### Aim of the task:
The answer must be the data, repeated exactly.

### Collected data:
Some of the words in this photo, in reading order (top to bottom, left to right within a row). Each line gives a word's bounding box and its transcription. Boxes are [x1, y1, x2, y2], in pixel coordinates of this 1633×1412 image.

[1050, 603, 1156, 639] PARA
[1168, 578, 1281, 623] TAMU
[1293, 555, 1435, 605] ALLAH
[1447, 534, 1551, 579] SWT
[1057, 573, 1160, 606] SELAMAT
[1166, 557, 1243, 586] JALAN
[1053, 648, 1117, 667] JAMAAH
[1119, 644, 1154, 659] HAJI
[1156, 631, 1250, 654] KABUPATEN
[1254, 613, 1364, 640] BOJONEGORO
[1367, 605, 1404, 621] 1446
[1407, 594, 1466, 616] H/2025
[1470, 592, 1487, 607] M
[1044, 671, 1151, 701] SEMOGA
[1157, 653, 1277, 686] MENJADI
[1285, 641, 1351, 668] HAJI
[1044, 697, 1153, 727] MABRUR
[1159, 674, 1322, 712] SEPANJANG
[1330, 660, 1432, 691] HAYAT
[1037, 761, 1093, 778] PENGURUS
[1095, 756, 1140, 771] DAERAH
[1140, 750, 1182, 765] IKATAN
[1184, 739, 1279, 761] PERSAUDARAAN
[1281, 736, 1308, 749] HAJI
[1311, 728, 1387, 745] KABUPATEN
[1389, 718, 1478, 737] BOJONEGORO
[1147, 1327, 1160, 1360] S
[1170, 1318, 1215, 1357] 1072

### Result of the exercise:
Some of the words in this photo, in reading order (top to bottom, left to right within a row). Each line gives a word's bounding box and its transcription. Boxes are [x1, y1, x2, y2], in pixel coordinates of this 1633×1412 image.

[1050, 603, 1156, 639] PARA
[1168, 578, 1281, 623] TAMU
[1293, 555, 1435, 605] ALLAH
[1447, 534, 1551, 579] SWT
[1057, 573, 1160, 606] SELAMAT
[1166, 557, 1243, 586] JALAN
[1053, 648, 1117, 667] JAMAAH
[1119, 644, 1154, 659] HAJI
[1156, 631, 1250, 654] KABUPATEN
[1254, 613, 1364, 640] BOJONEGORO
[1367, 605, 1404, 621] 1446
[1407, 594, 1466, 616] H/2025
[1470, 592, 1487, 607] M
[1044, 671, 1151, 701] SEMOGA
[1157, 653, 1277, 686] MENJADI
[1285, 641, 1351, 668] HAJI
[1044, 697, 1153, 727] MABRUR
[1159, 674, 1322, 712] SEPANJANG
[1330, 660, 1432, 691] HAYAT
[1037, 761, 1093, 778] PENGURUS
[1095, 756, 1140, 771] DAERAH
[1140, 750, 1182, 765] IKATAN
[1184, 739, 1279, 761] PERSAUDARAAN
[1281, 736, 1308, 749] HAJI
[1311, 728, 1387, 745] KABUPATEN
[1389, 718, 1478, 737] BOJONEGORO
[1147, 1327, 1160, 1360] S
[1170, 1318, 1215, 1357] 1072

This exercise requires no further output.